Es sofista el dilema de paz o guerra

¿Qué es lo que lleva a un círculo de las élites dominantes a justificar conversaciones con las FARC en términos tan humillantes para la población y para el estado? No podemos darnos por satisfechos con la respuesta simple de que, de pronto, en un arranque de lucidez, se dieron cuenta que la máxima de los hippies sigue vigente, o que se tragaron el cuento de que, esta vez, sí, las FARC quieren la paz. Intentemos, entonces, algunas hipótesis.

En el pensamiento de exponentes de esas élites se detecta una especie de sentimiento de culpa respecto de lo que dejaron de hacer en el pasado. Hablan de una deuda histórica, en particular con las comunidades campesinas. Ceden a la tesis política de la reforma agraria a la usanza de buena parte del siglo XX sintetizada en la consigna “la tierra para el que la trabaja”, como si en una economía globalizada, altamente competitiva e industrializada extendida a la producción agrícola, pecuaria y alimentaria, la pequeña explotación de campesinos individuales tuviese perspectivas de éxito.

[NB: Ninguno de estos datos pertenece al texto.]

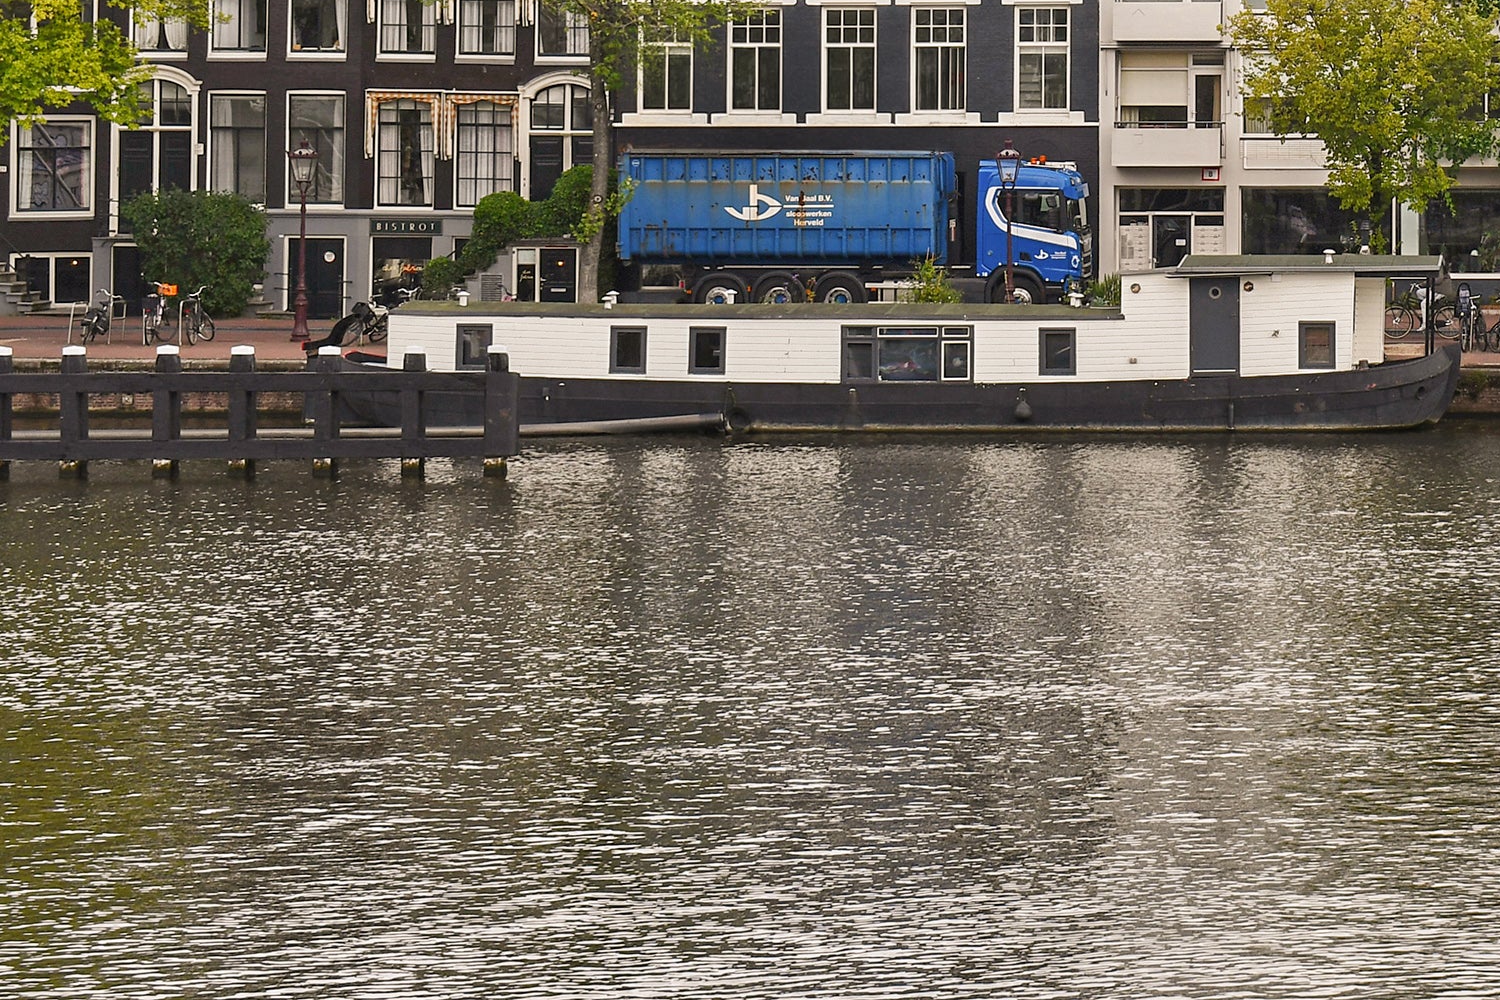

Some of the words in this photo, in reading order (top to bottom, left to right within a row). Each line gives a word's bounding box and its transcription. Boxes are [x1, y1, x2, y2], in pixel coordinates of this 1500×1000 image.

[784, 194, 800, 202] Van
[818, 194, 833, 202] B.V.
[376, 222, 435, 231] BISTROT

El cerebro de las negociaciones de paz, Sergio Jaramillo, considera que los procesos anteriores de han fracasado en erradicar la violencia porque el Estado no impulsó políticas de desarrollo territorial autónomo. En tal sentido se da validez a la tesis de las “causas objetivas” de la violencia. Se evidencia en ese discurso un tufillo moralista, que pasa por alto que un católico pecador no se confiesa con el diablo.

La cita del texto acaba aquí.